Libido For Life: The Desire and Energy To Live Your Best Life
In this episode, Joseph explores what he calls a "libido for life," the natural desire and energy that flows through each of us, pulling us toward the things we're meant to create, say, and pursue. He reframes the word libido beyond its typical associations, returning it to its Latin roots: a longing, a wanting, and the energy to move toward it.
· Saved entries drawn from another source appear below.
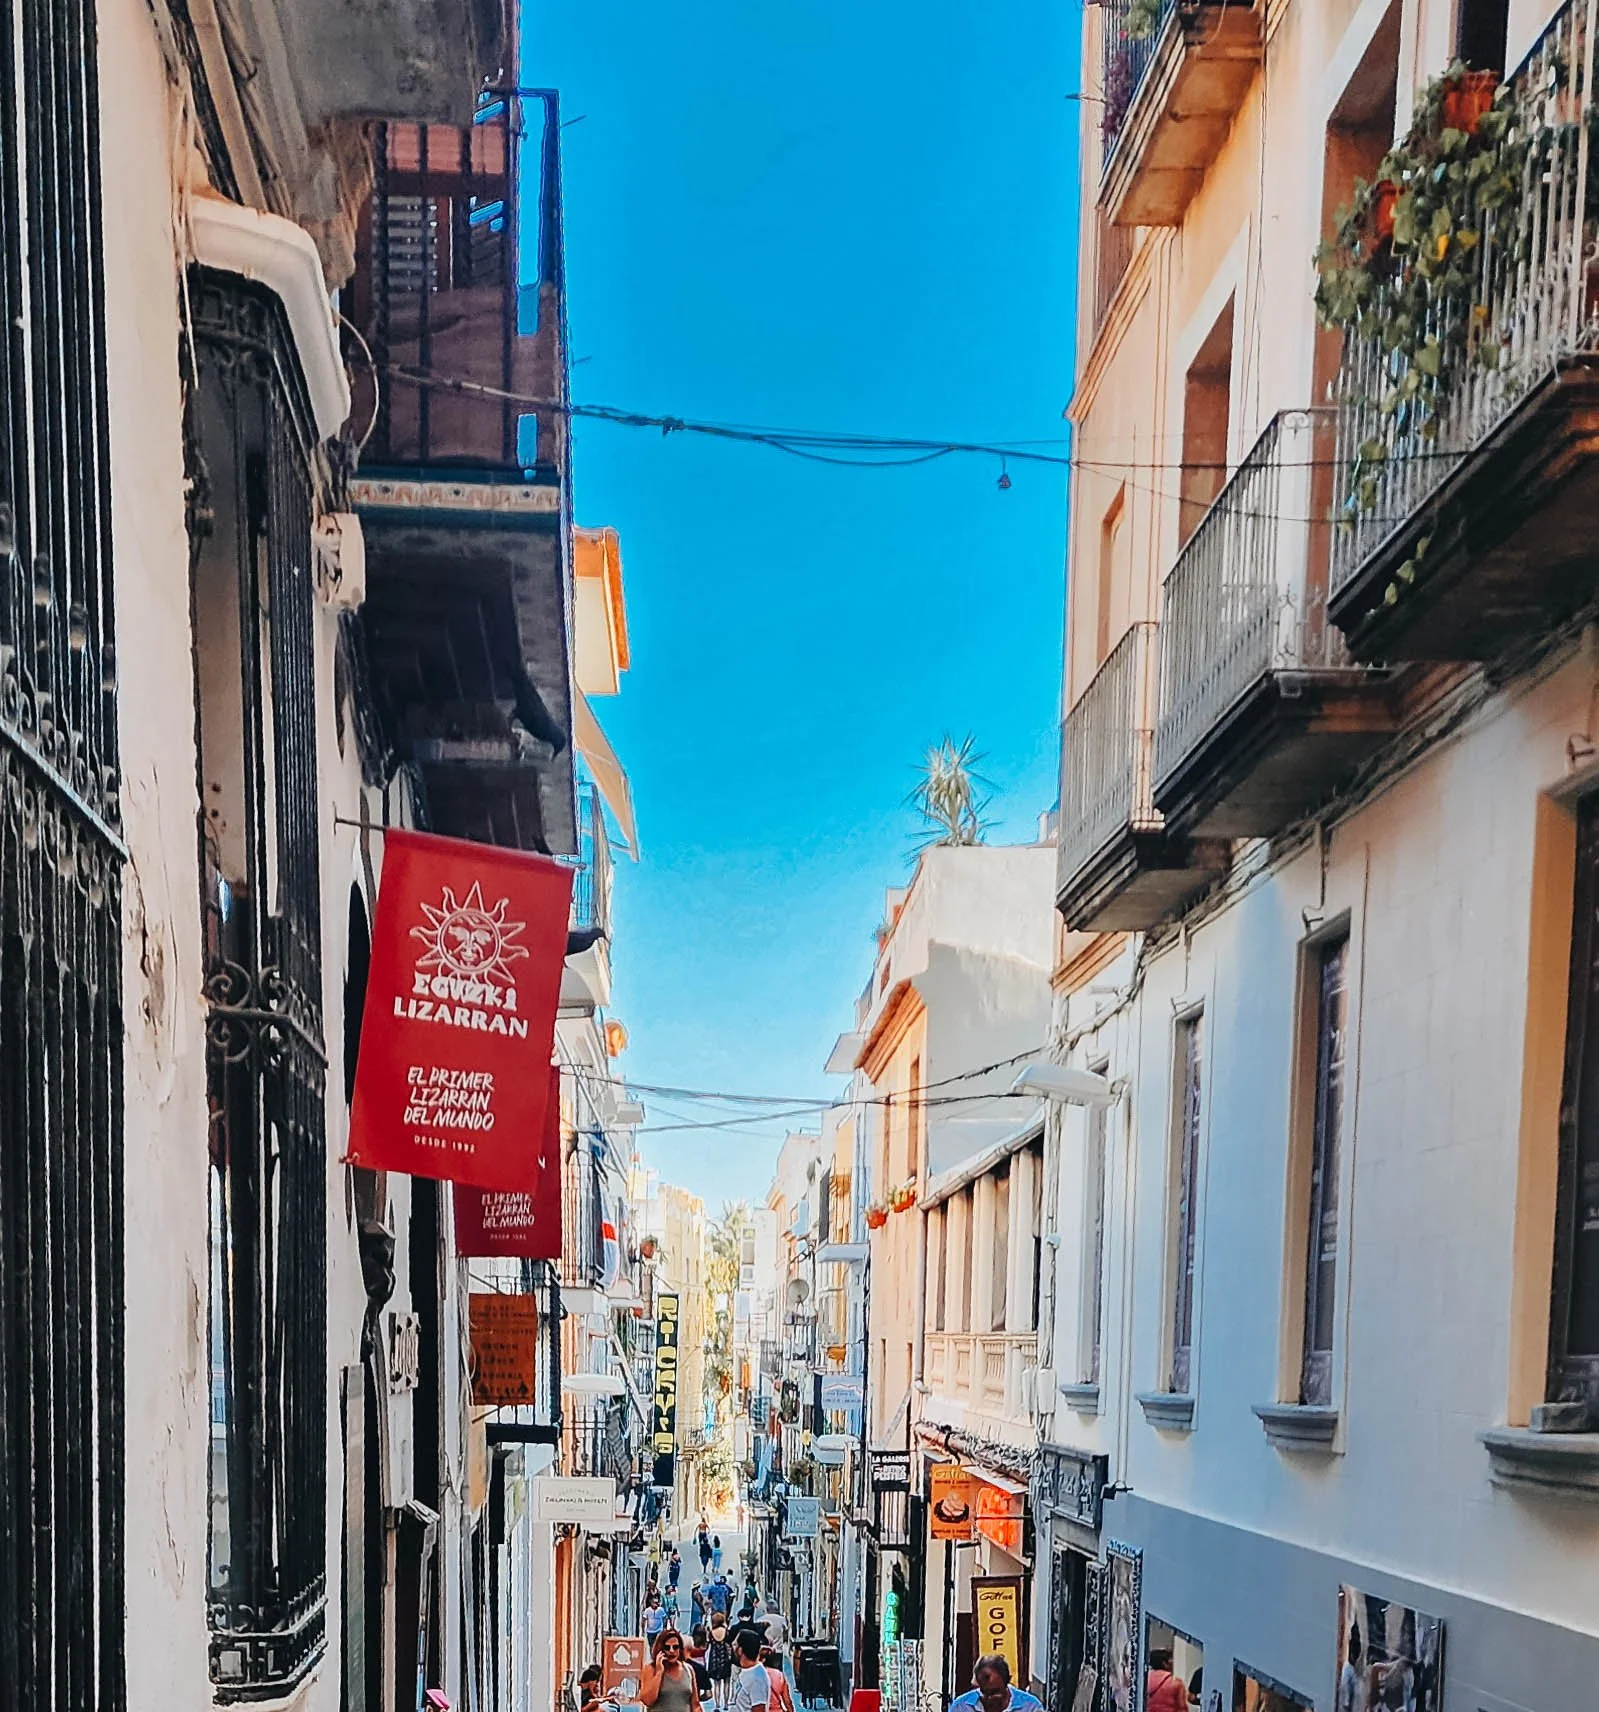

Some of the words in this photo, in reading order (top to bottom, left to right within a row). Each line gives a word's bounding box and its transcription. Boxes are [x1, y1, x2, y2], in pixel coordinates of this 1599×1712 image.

[393, 996, 528, 1039] LIZARRAN
[407, 1066, 428, 1086] EL
[429, 1066, 495, 1091] PRIMER
[410, 1086, 491, 1111] LIZARRAN
[403, 1105, 431, 1125] DEL
[432, 1108, 495, 1131] MUNDO
[414, 1134, 446, 1149] DESDE
[485, 1202, 531, 1217] LIZARRAN
[500, 1214, 535, 1228] MUNDO
[988, 1607, 1006, 1659] GOF
Joseph introduces the warrior archetype as a lens for understanding how many professionals, especially business owners, suppress the part of themselves that would set boundaries, name their price, and speak up in difficult moments. He shares how this suppression doesn't protect relationships, it protects an old story that says taking up space is dangerous. And when that energy gets pushed down, it doesn't disappear. It shows up as burnout, resentment, passive aggression, doom scrolling, and a quiet erosion of self.
The episode closes with a practical challenge: before the week is out, identify one place where you've been shutting off the valve. One conversation, one boundary, one truth. Because most people aren't lacking in skill or knowledge, they're lacking in permission.
Key Takeaways:
* Libido, in its original meaning, is simply the desire and energy to pursue what matters to you. Recognizing both the desire and the energy is the starting point.
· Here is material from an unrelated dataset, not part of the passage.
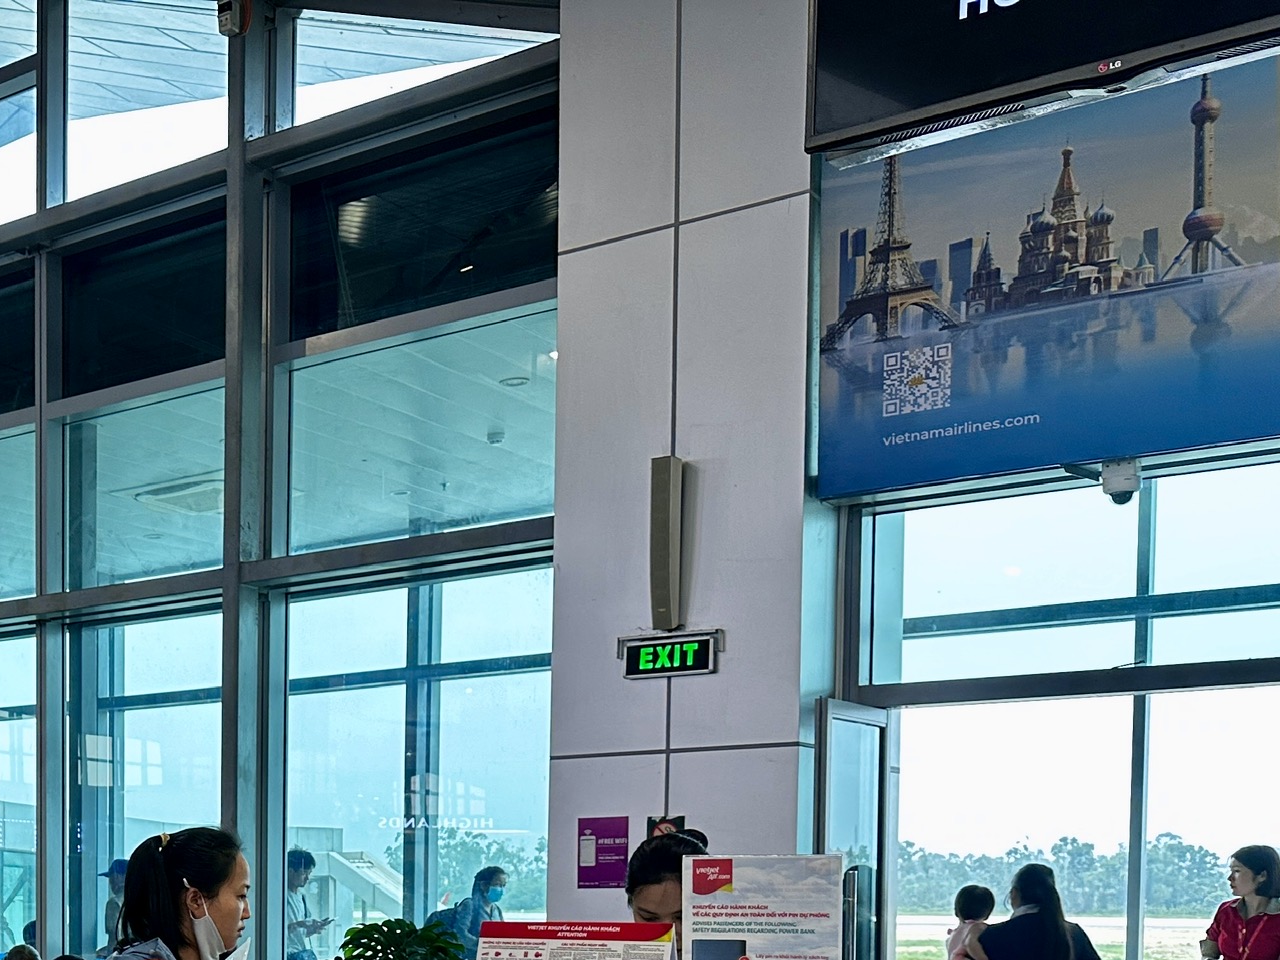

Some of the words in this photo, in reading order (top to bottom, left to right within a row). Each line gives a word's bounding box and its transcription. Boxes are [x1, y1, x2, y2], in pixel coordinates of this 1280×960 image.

[1110, 61, 1121, 69] LG
[882, 414, 1040, 446] vietnamairlines.com
[639, 642, 698, 670] EXIT
* The warrior archetype represents the part of you that knows what it stands for and refuses to betray it, setting boundaries out of self-respect, not anger.
* When you suppress your energy and desire, it doesn't disappear. It redirects into burnout, resentment, irritation, doom scrolling, and overworking.
* Problems and friction aren't verdicts. They're information. Read them as part of the puzzle, not as proof that something can't happen.
* Most people aren't lacking skill or knowledge. They're lacking permission to want what they want and say what they think.